Have you ever heard that nice guys finish last? In a way, it ties into the above quote.

Here are some examples that support that I have been punished for some of my good deeds.

Helping a Stranded Motorist

A week or so ago, a guy’s front-left tire had fallen completely off of his vehicle. His car was blocking one lane of traffic and people were dangerously attempting to pass the vehicle.

I parked my vehicle on the side of the road and asked if I could help move the vehicle. The guy scoffed at my attempt at helping.

“Hello? There’s no freakin’ tire on the car. How the heck am I supposed to move it?”

What I wanted to tell him is that a car will still move without a tire, just not easily. He was waiting for help so I can imagine them putting a new tire on the car in the middle of the roadway.

I offered the guy some water, and he just told me to go away.

Giving a Lady a Ride

Last thanksgiving I was driving through Memphis and pulled into a McDonalds to use the restroom. While leaving, I lit up a cigarette. Some lady frantically asked me if I could just give her a ride down the street. She said, “It’s kinda of an emergency.”

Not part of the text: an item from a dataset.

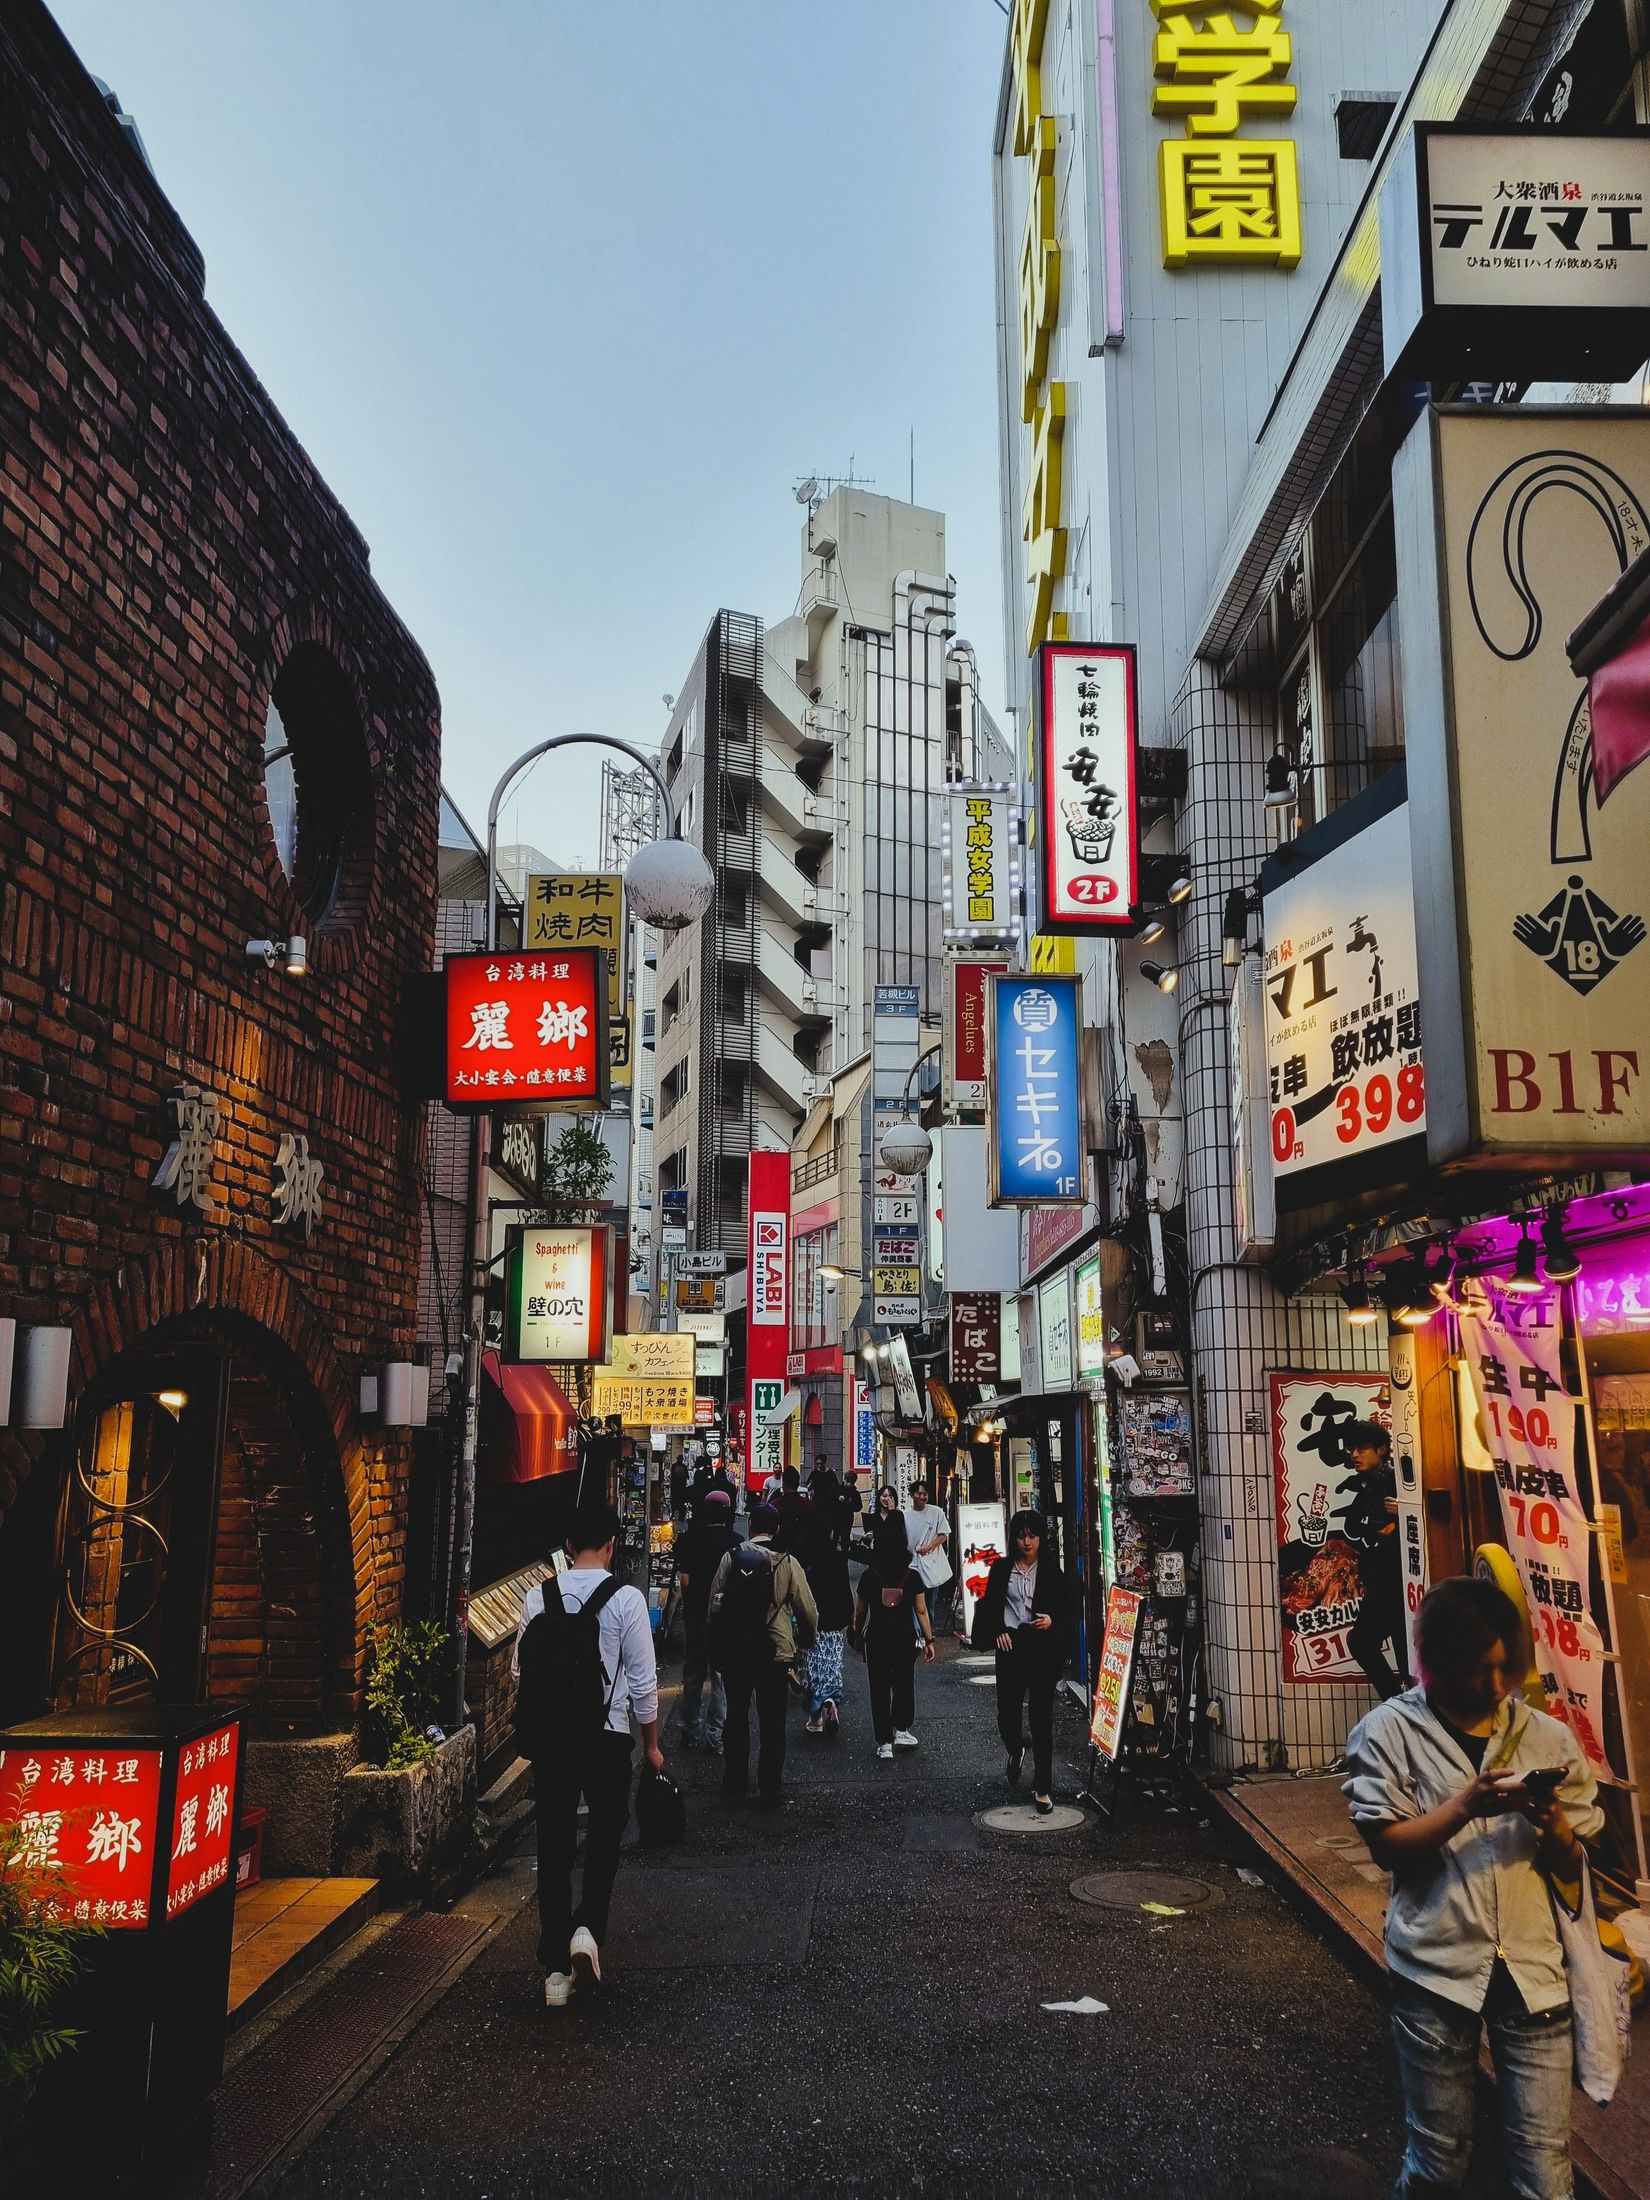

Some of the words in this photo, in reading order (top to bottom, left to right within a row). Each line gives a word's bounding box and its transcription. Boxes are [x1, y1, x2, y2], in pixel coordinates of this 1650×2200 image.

I hesitated, and replied back, “Lady, I do not know this city at all. I’m just passing through.”

She again asked and I eventually said OK.

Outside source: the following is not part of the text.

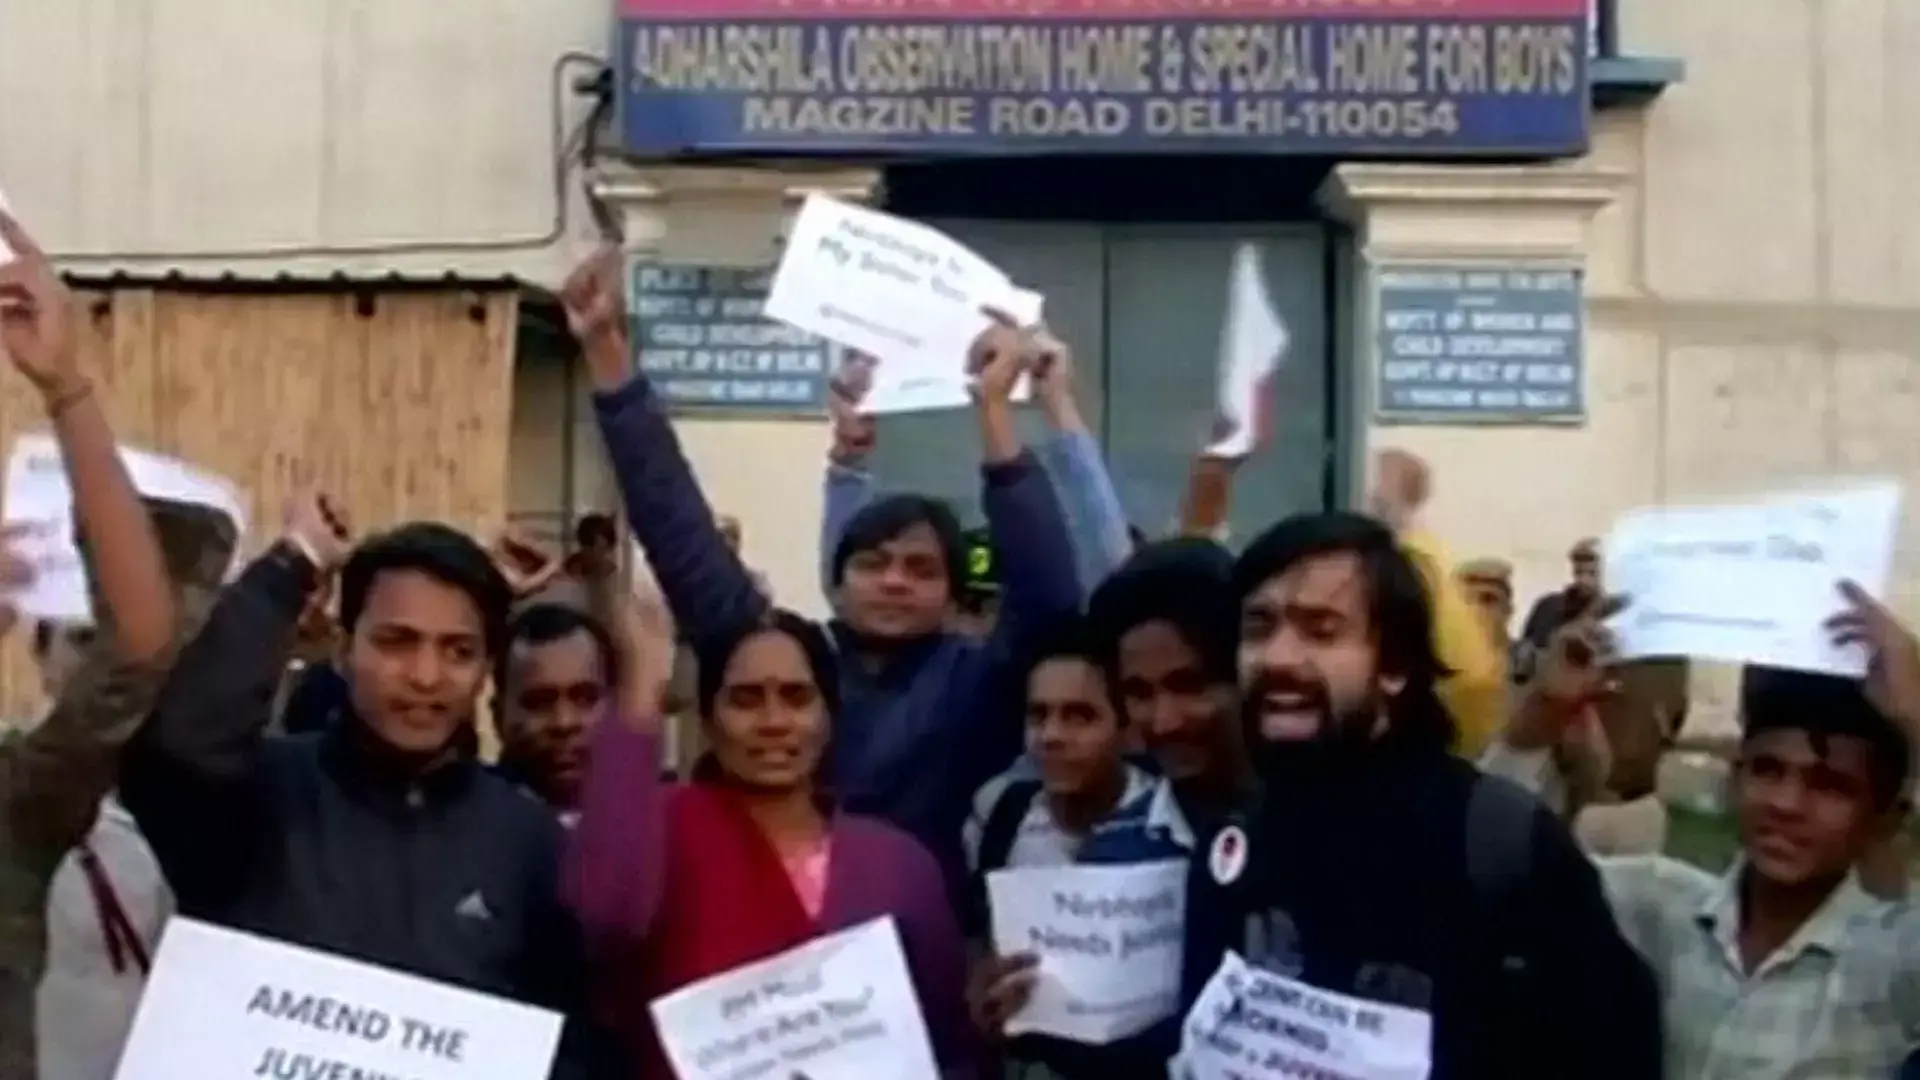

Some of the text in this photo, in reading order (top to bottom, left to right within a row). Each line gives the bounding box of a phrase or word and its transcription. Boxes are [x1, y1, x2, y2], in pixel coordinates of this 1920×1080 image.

Just as the lady was about to get into my car, her boyfriend stormed out of McDonalds threatening me. I got into my vehicle, locked the doors, and got out of there as fast as I could.

Helping a Runaway

When I was fifteen, my friend showed up at school with several bruises on his face. His parents were beating him. I offered to have him stay at my place. Essentially I was helping him runaway.

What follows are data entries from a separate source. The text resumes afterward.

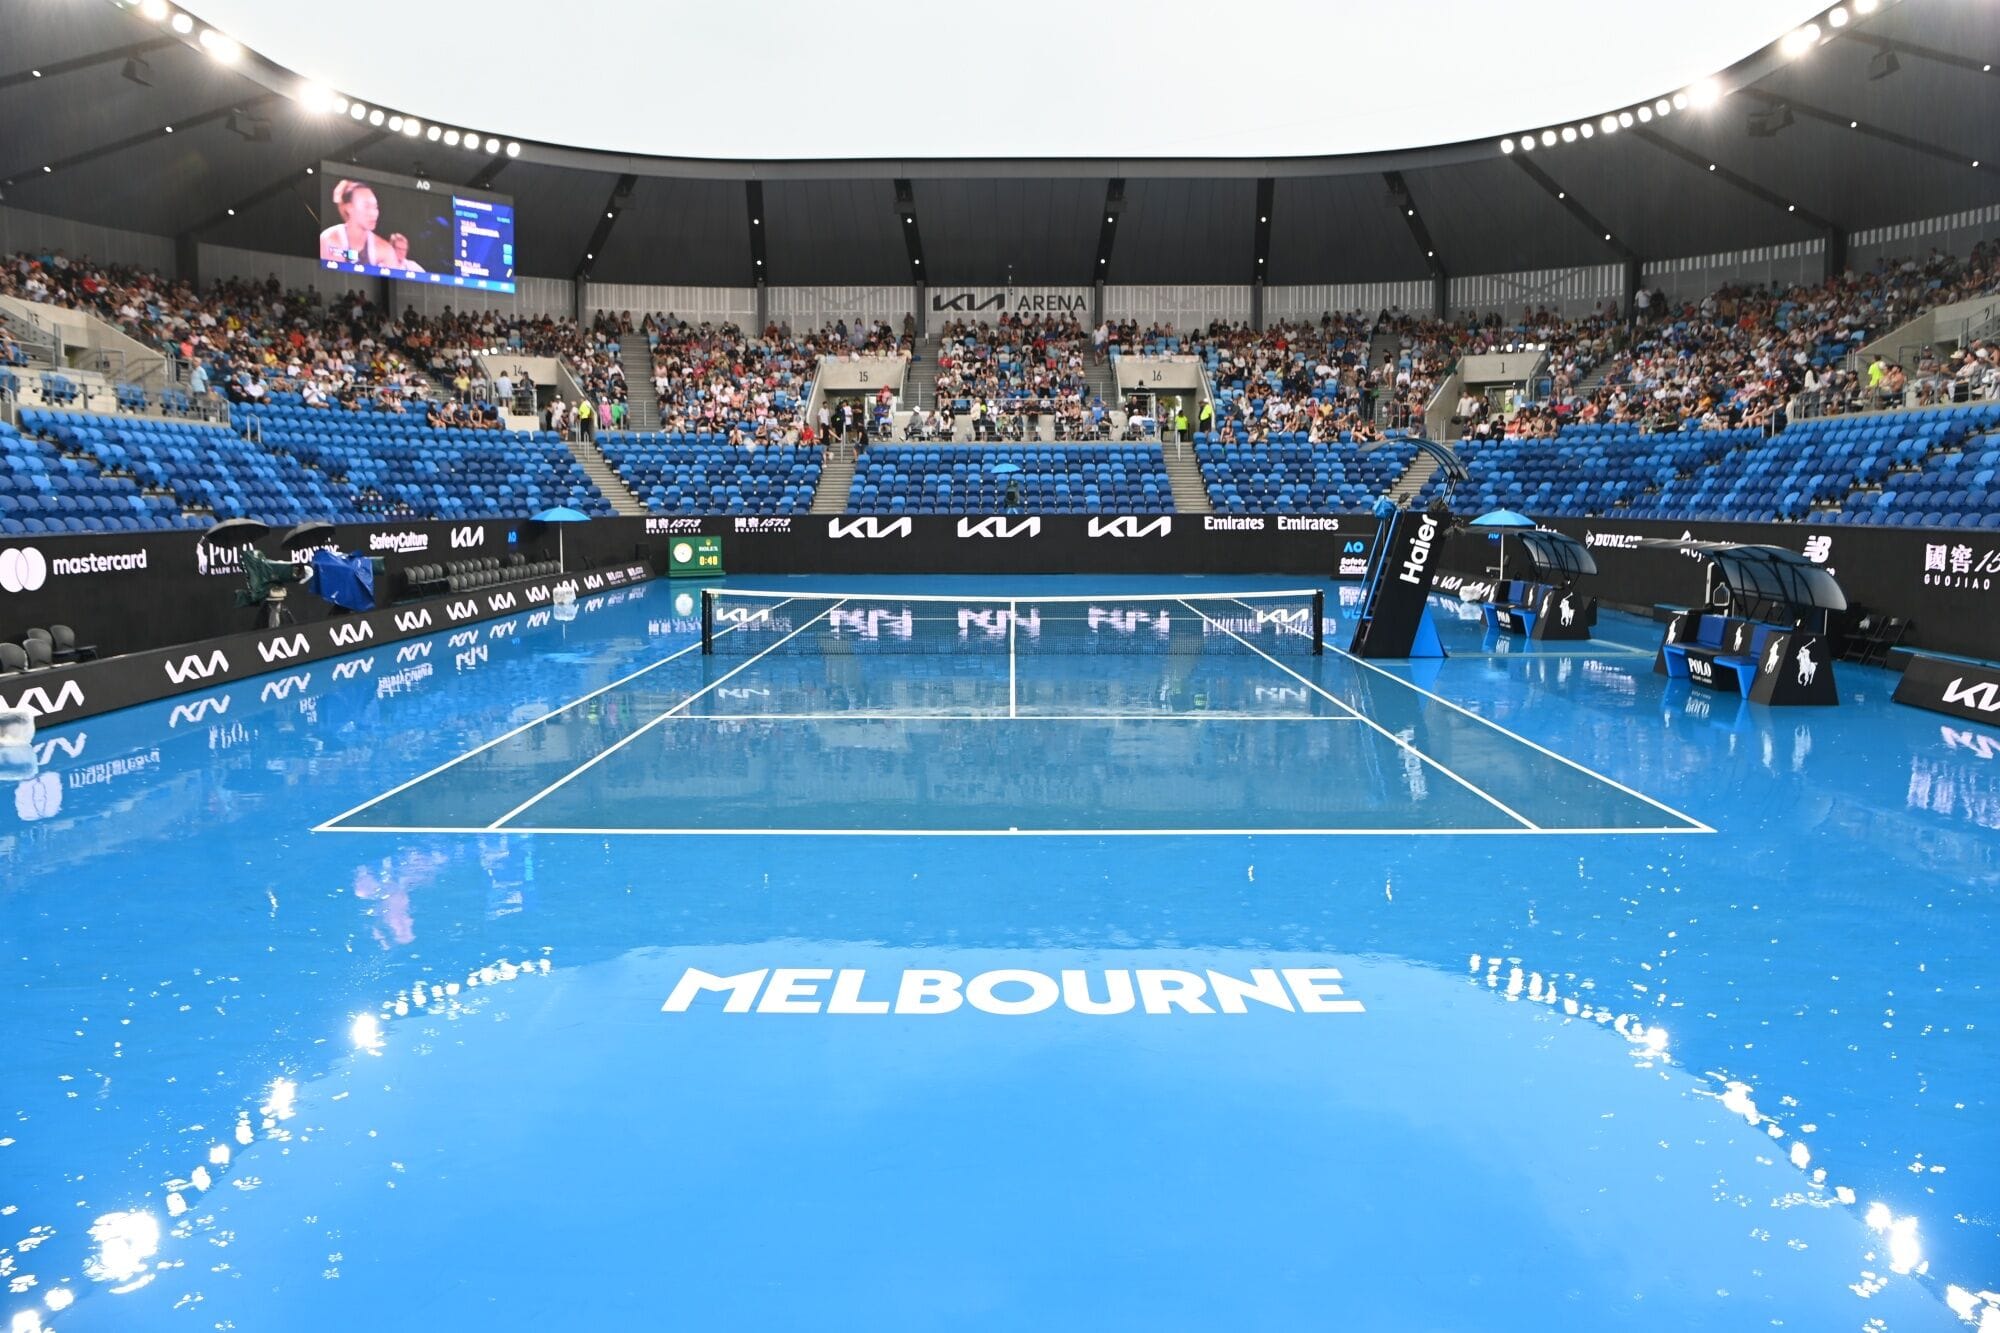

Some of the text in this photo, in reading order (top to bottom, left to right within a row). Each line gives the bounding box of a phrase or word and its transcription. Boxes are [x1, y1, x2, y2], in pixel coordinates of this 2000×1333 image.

[932, 293, 1087, 311] KIA ARENA
[859, 371, 868, 382] 15
[1153, 370, 1162, 381] 16
[829, 517, 912, 538] KIA
[958, 516, 1041, 538] KIA
[1088, 516, 1171, 538] KIA
[1204, 516, 1265, 530] Emirates
[1277, 516, 1339, 530] Emirates
[451, 526, 484, 548] KIA
[1344, 541, 1364, 553] AO
[1400, 514, 1438, 584] Haier
[53, 548, 148, 575] mastercard
[1924, 574, 1990, 590] GUOJIAO
[488, 592, 517, 611] KIA
[526, 585, 550, 603] KIA
[394, 608, 432, 632] KIA
[446, 600, 478, 620] KIA
[716, 608, 769, 622] KIA
[1256, 608, 1309, 623] KIA
[329, 620, 374, 646] KIA
[257, 633, 310, 662] KIA
[165, 650, 229, 684] KIA
[1688, 657, 1712, 678] POLO
[661, 966, 1366, 1014] MELBOURNE

A few days later, my dad got a call and asked if I was helping somebody run away. One of my friends at school had ratted us out and my friend’s parents were on to me.

The next day, my friend and I were playing basketball outside and his parents showed up out of nowhere. They immediately started hitting him and threatened to throw me in jail.

The next day my friend showed up at school in brand new clothes and never spoke to me again.

Conclusion

I am of the belief that is a Christian’s duty to help people in need. Whether this good deed goes punished or unpunished shouldn’t matter. We should never be deterred from helping somebody just because of the negative consequences.

On the other hand, I am appalled that a Good Samaritan‘s law even needs to exist.

What do you think? Is it true that no good deed goes unpunished?

30 Comments

  1. I believe it's good that Good Samaritan laws exist, at least I know that I won't be prosecuted for trying to help someone.

    I think that saying NO good deed goes unpunished is an overstatement. It's not true about ALL good deeds, only about some of them and with certain people. And like you said, we should never get discouraged from helping others or being nice to them only because some jerks we meet on our path.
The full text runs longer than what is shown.